Surpresa, Flávia virou-se para ver quem tinha entrado, imediatamente, percebendo a expressão de ironia de Tina, desmanchou o sorriso, assim que registrou o fato. Já prevendo que a namorada tinha ficado chateada ou vê-la a sós tão próxima da cliente, rapidamente levantou, indo em sua direção.
- Que bom que chegou. – Com um sorriso meio amarelo, tentou fazê-la se acalmar.
- Oi. Vejo que ainda está ocupada. Vou esperá-la lá fora. Precisamos passar no supermercado antes de irmos para casa. – Dando ênfase no irmos para a casa, para deixar bem claro, para a outra mulher,que a arquiteta não estava disponível.

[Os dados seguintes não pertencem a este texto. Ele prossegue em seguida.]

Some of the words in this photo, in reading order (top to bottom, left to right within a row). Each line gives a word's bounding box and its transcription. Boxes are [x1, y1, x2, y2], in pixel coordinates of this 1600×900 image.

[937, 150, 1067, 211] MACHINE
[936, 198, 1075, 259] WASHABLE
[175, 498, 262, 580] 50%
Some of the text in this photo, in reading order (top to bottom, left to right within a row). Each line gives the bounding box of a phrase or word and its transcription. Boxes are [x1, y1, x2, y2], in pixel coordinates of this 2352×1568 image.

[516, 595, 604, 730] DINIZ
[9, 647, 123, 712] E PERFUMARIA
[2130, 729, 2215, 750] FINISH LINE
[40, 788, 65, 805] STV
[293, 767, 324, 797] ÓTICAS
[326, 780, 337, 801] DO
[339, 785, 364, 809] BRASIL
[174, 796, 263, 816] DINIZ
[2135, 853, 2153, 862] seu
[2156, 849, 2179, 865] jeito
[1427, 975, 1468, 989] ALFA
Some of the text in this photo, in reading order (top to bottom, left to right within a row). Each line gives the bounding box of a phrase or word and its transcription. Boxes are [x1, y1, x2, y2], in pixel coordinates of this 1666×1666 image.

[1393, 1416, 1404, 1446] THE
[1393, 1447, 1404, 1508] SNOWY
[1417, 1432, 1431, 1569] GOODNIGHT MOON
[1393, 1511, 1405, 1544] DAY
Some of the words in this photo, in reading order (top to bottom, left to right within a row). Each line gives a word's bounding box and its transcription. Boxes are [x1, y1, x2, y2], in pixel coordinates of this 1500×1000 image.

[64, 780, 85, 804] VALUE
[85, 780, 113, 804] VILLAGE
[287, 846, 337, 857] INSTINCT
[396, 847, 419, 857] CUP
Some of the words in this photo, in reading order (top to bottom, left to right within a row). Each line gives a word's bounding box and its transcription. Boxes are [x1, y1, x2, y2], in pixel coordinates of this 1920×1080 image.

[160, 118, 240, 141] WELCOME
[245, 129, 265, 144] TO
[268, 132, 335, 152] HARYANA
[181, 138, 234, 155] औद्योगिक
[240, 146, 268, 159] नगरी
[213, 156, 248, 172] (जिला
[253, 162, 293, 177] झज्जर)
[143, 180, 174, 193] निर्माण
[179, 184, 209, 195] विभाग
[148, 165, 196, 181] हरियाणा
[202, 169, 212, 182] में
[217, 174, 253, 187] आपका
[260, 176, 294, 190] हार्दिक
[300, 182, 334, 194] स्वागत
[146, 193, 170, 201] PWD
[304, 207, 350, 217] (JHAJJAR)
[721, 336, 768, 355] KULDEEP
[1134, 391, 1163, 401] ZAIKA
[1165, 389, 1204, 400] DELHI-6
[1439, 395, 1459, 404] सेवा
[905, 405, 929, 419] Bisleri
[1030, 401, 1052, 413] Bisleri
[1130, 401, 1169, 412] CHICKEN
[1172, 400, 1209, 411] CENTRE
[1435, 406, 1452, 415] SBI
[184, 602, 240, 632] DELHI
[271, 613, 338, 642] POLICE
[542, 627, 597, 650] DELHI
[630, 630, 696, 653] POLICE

- Ah, ok... Estamos quase concluindo aqui. Espere aqui mesmo – Indicou que tinha presenciado apenas trabalho. – Gostaria de apresentá-las.– Indicou a morena. - Débora Argenta, Cristina Bianchi.
A morena estendeu a mão para cumprimentá-la, com um sorriso enigmático, um tanto sarcástico, o que irritou ainda mais Cristina. Disfarçando a contrariedade, sorriu, apertando-lhe a mão como em sinal de satisfação em conhecê-la. Pois iria mesmo esperar Flávia ali, e mostrar para a morena com quem estava lidando. Voltando-se mais uma vez para a namorada, sorriu, e meiga, anunciou:
- Querida, não quero atrapalhar, então vou sentar ali e fazer uma lista do que precisamos comprar. – Disse, indicando o sofá.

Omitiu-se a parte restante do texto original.